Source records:
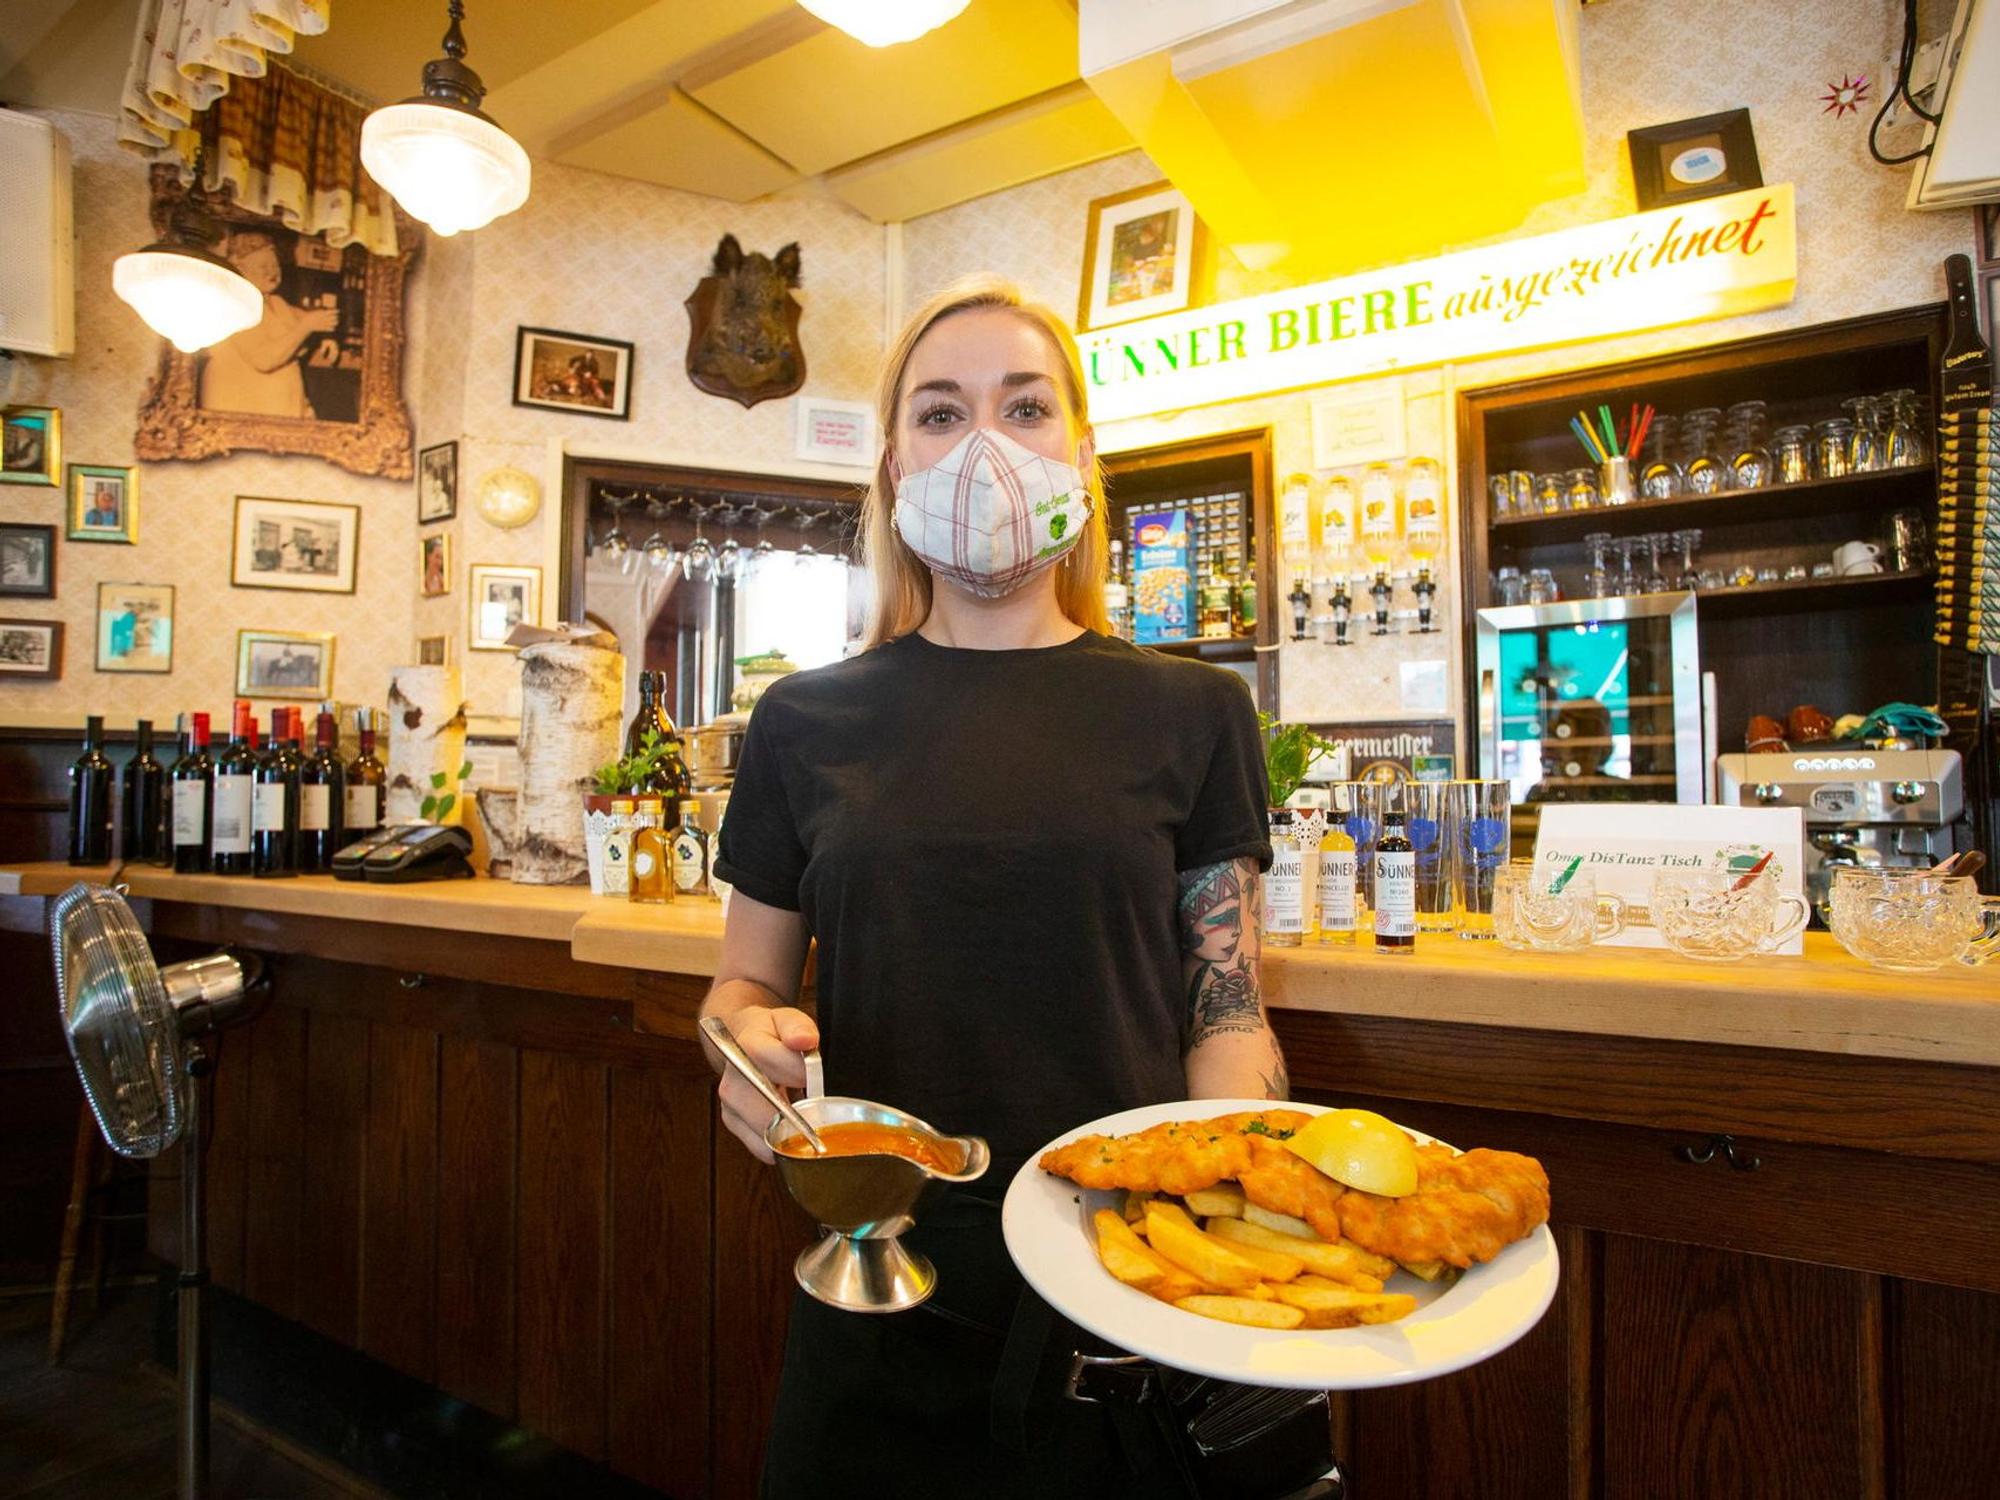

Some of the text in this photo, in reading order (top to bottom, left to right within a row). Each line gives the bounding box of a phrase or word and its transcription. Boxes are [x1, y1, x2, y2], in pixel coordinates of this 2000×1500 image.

[1090, 320, 1247, 386] ÜNNER
[1267, 279, 1434, 352] BIERE
[1590, 851, 1655, 866] DisTanz
[1660, 853, 1703, 867] Tisch

WHAT YOU WILL DO: No pictures should appear in the copy, and each record above is to be returned exactly.

RESULT OF THIS TASK:
Some of the text in this photo, in reading order (top to bottom, left to right within a row). Each line gives the bounding box of a phrase or word and its transcription. Boxes are [x1, y1, x2, y2], in pixel coordinates of this 2000×1500 image.

[1090, 320, 1247, 386] ÜNNER
[1267, 279, 1434, 352] BIERE
[1590, 851, 1655, 866] DisTanz
[1660, 853, 1703, 867] Tisch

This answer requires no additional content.